Problem requirements:
Would you transcribe the entries below word for word, omitting all images?

--- START ---

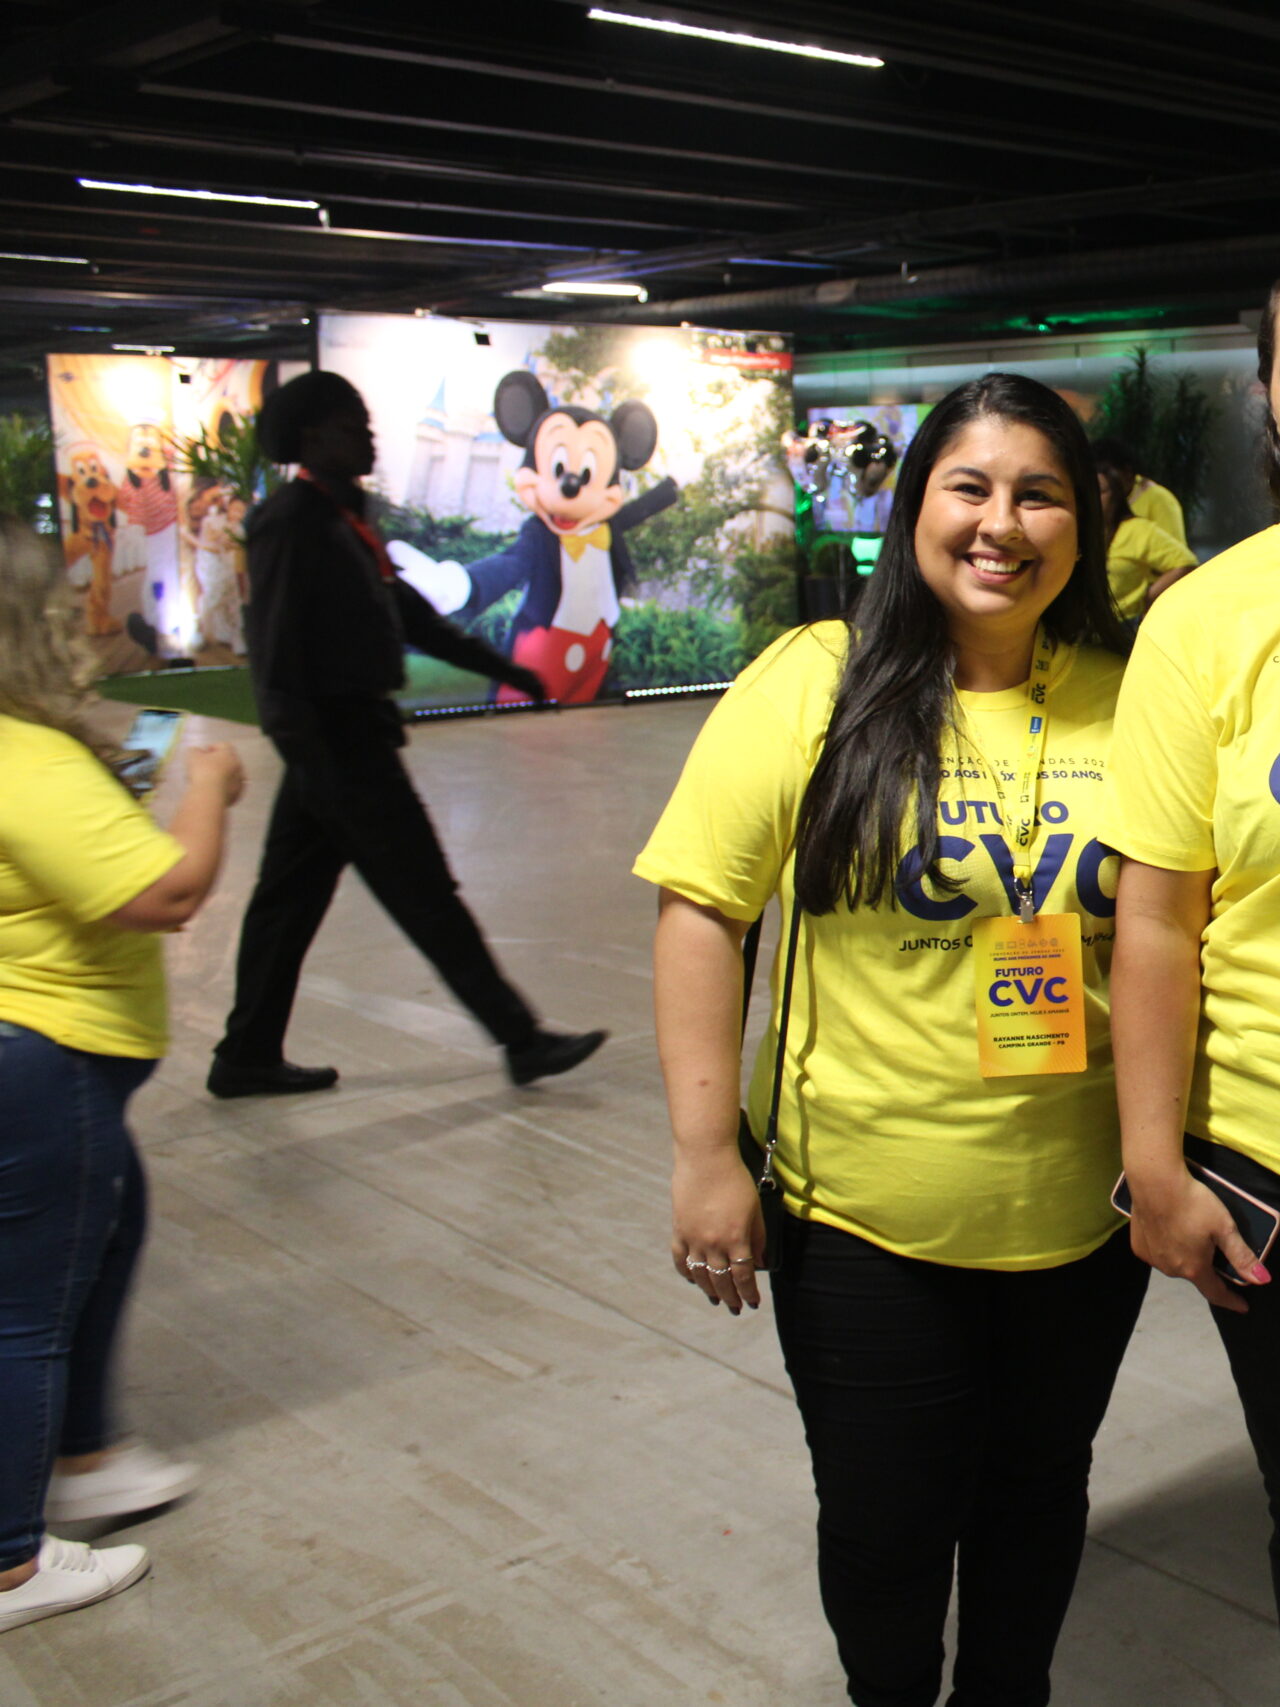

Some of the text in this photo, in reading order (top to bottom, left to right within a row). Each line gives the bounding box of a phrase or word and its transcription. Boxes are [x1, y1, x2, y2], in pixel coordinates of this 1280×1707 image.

[955, 769, 980, 778] AOS
[1052, 770, 1068, 778] 50
[1071, 770, 1103, 782] ANOS
[1020, 818, 1031, 847] CVC
[899, 936, 960, 951] JUNTOS
[995, 966, 1044, 978] FUTURO
[988, 976, 1069, 1007] CVC
[1026, 1032, 1070, 1041] NASCIMENTO

--- END ---

Result of the exercise:
Some of the text in this photo, in reading order (top to bottom, left to right within a row). Each line gives the bounding box of a phrase or word and its transcription. Boxes are [x1, y1, x2, y2], in pixel coordinates of this 1280×1707 image.

[955, 769, 980, 778] AOS
[1052, 770, 1068, 778] 50
[1071, 770, 1103, 782] ANOS
[1020, 818, 1031, 847] CVC
[899, 936, 960, 951] JUNTOS
[995, 966, 1044, 978] FUTURO
[988, 976, 1069, 1007] CVC
[1026, 1032, 1070, 1041] NASCIMENTO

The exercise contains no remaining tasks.